AMD Vega 10, Vega 11, Vega 12 and Vega 20 Rumors and Discussion

If you use Radeon GPU Profiler with a Vega GPU, you can see clearly that driver generates primitive shader code for domain shader program and geometry shader program instead of traditional shader code.
Can somebody confirm this? I thought primitive shaders are not working.
 
Vega has internally less different hardware states for the execution of said shader types but AMD advertised explicit programmability for higher throughput and several new features while Rys from AMD even stated implicit acceleration which both seem to never happen for Vega/GFX9.
As it is now Vega internally just works differently without apparent performance improvements.
 
The "automatic primitives" statement was made by this forum's owner in an informal tweet, quickly followed by a "no promises" statement.
Rys isn't in the business of making gratuitous "bold statements". If he wrote that is because that was the plan at the given time of the tweet. Plans change, especially with all the executive juggling that happened at RTG during the past year.

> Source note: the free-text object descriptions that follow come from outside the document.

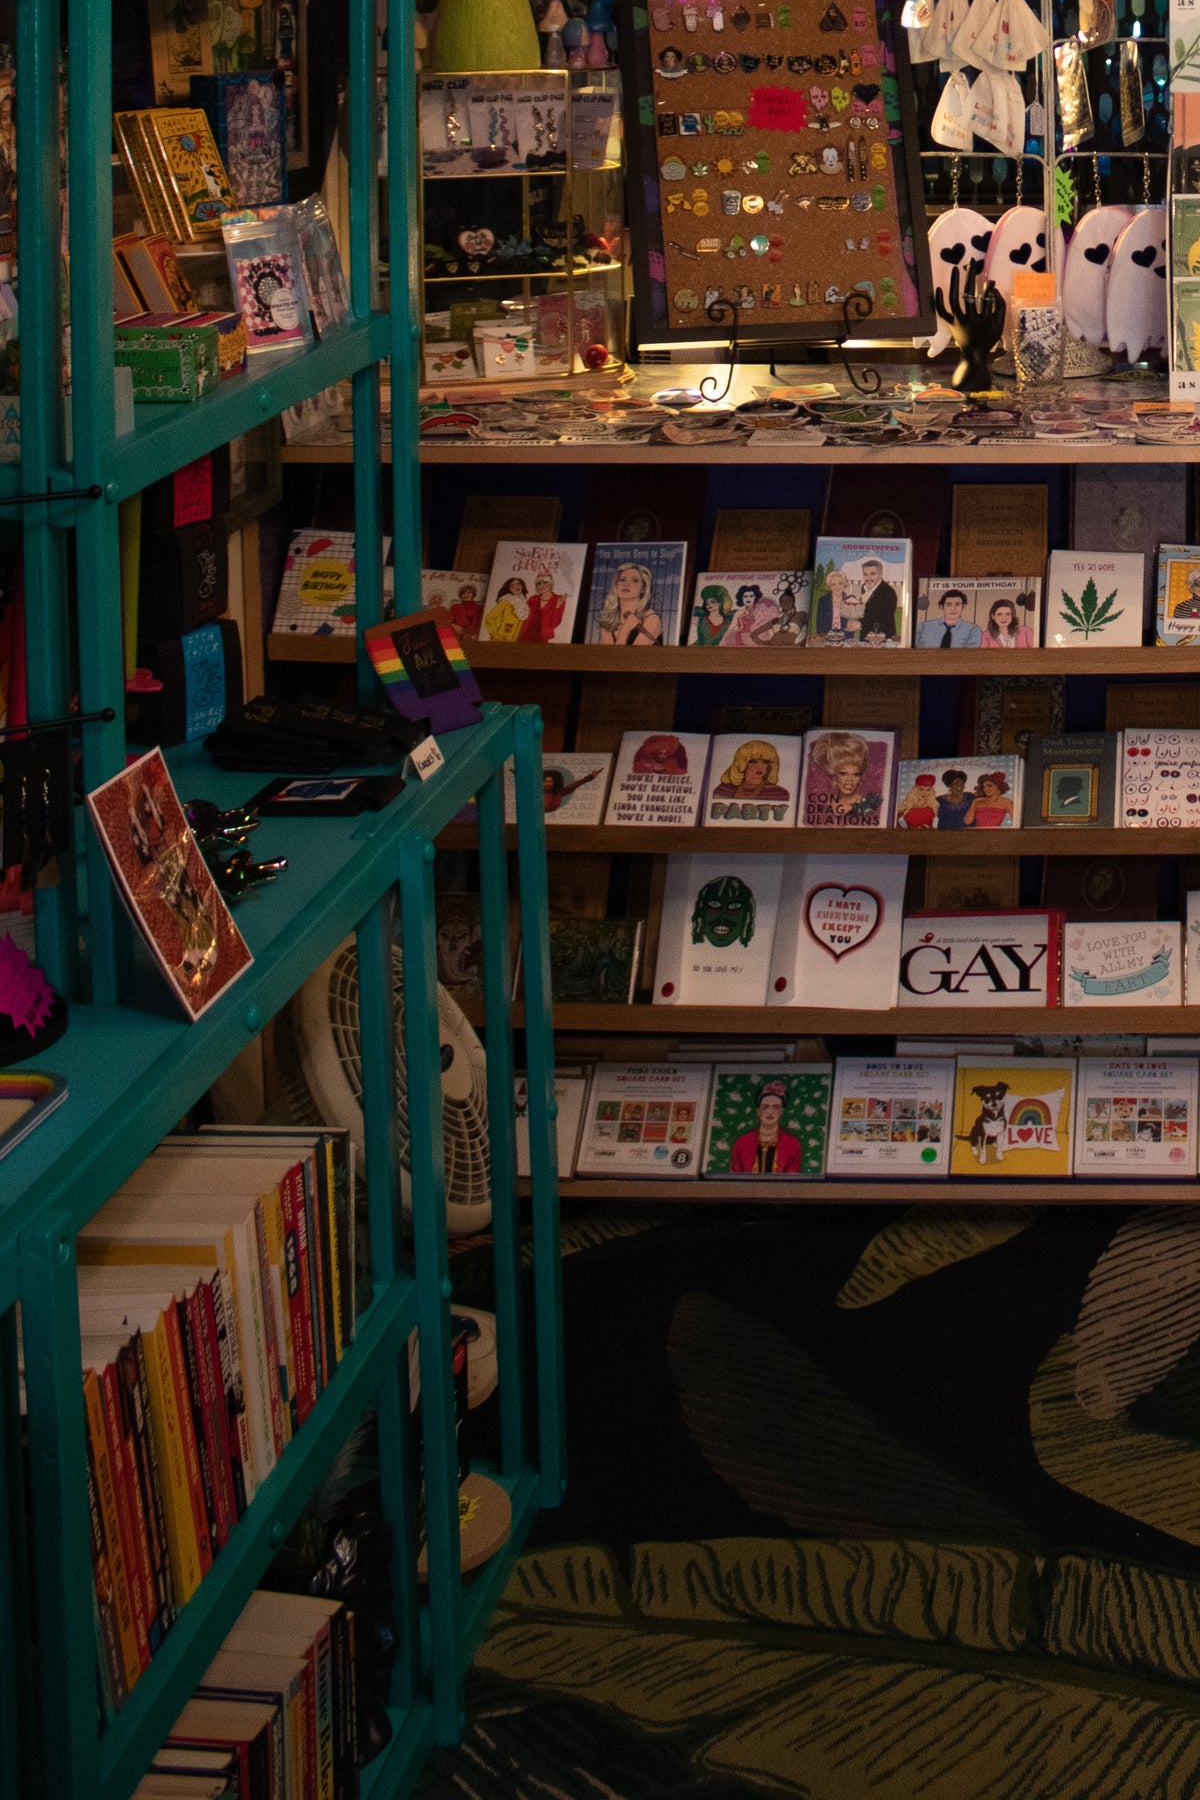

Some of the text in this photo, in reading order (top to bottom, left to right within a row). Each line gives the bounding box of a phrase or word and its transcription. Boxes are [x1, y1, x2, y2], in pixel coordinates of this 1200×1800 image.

[1168, 621, 1195, 634] Happy
[628, 794, 667, 803] YOU LOOK
[807, 793, 840, 803] CON
[711, 802, 789, 821] PARTY
[807, 804, 845, 815] DRAG
[648, 813, 655, 821] A
[807, 815, 880, 826] ULATIONS
[836, 901, 861, 910] HATE
[816, 910, 869, 922] EVERYONE
[822, 923, 861, 933] EXCEPT
[829, 934, 851, 944] YOU
[1087, 931, 1147, 952] LOVE YOU
[1103, 946, 1136, 960] WITH
[900, 944, 1047, 994] GAY
[1100, 956, 1145, 974] ALL MY
[1110, 1062, 1131, 1070] CATS
[1147, 1062, 1168, 1070] LOVE
[285, 1236, 298, 1293] 1968
[211, 1273, 232, 1341] STEVE
[96, 1452, 113, 1506] QUEER
[104, 1512, 119, 1550] LOVE

To take some burden off of his shoulders, I think the company line on automatic use of the features came earlier in the year.
Raja Koduri's AMA in May of 2017 indicated developers wouldn't need to take on extra work to use NGG and primitive shaders.




I only have Vega64, so rx470's picture is an example from AMD.

The GFX9 Linux driver changes do document a merging of the same LS>HS and ES>GS shaders as the shader types in the profiler shots. One possibility is that those merged stages have been placed under the primitive and surface shader labels by default or perhaps that's what they've been called. If the announcements about the cancellation of the automatic path are true, then maybe the names have gone further than the tech.

I don't think there's been an example given from AMD about what a primitive shader meeting the functional description would look like. Patents and similar culling via compute methods have conceptual analogs, although what it would look like in an implementation at that end of the pipeline is unclear. For reasons not elaborated, analysis of position data dependences and tool-based extraction were supposedly straightforward and hard to beat by manual coding, yet said smoothly working functions never saw release. The compute-based predecessors to the tech were an understood and pretty accessible technique, and yet whatever primitive shaders used to plug into the geometry front end were described as being obscure and intractable as assembly coding requiring intimate hardware knowledge of GFX9.

There are scant references in the Vega ISA about this, although some additions to the GCN ISA include an RBE coverage instruction specifically relevant to Vega 10. There are certain message-type instructions used to remove primitives from the buffers used by the geometry engines that are new and potentially fraught with arcane hazards related to a portion of the hardware unused to interference and possibly prone to race conditions. Maybe if those were found in generated code, it might be a primitive shader as described?

I've speculated as to some possible reasons why the new method was not deployed, but without details it's hard to say if that speculation has any weight. Some recent patent claims concerning split-frame rendering seemingly take back some of the programmability in culling given to primitive shaders. Possibly, the design or concept has taken a turn from what was put into Vega if other reasons like bugs or performance problems didn't scuttle it.
 
So apparently both Zen2 and Vega20 are on 7nm HPC. Going to be interesting to see Vega 20's clocks. if GF 14nm LLP was as bad as a lot of people think vega 20 could have some very respectable clocks.
 
Going to be interesting to see Vega 20's clocks. if GF 14nm LLP was as bad as a lot of people think vega 20 could have some very respectable clocks.
Clocks alone are scary, the 7nm has to bring down the power. The original 'Vega slides' presented Vega 10 with TDP of 225W. On the other hand, the same slides introduced 7nm Vega 20 with TDP projected to reach 300W.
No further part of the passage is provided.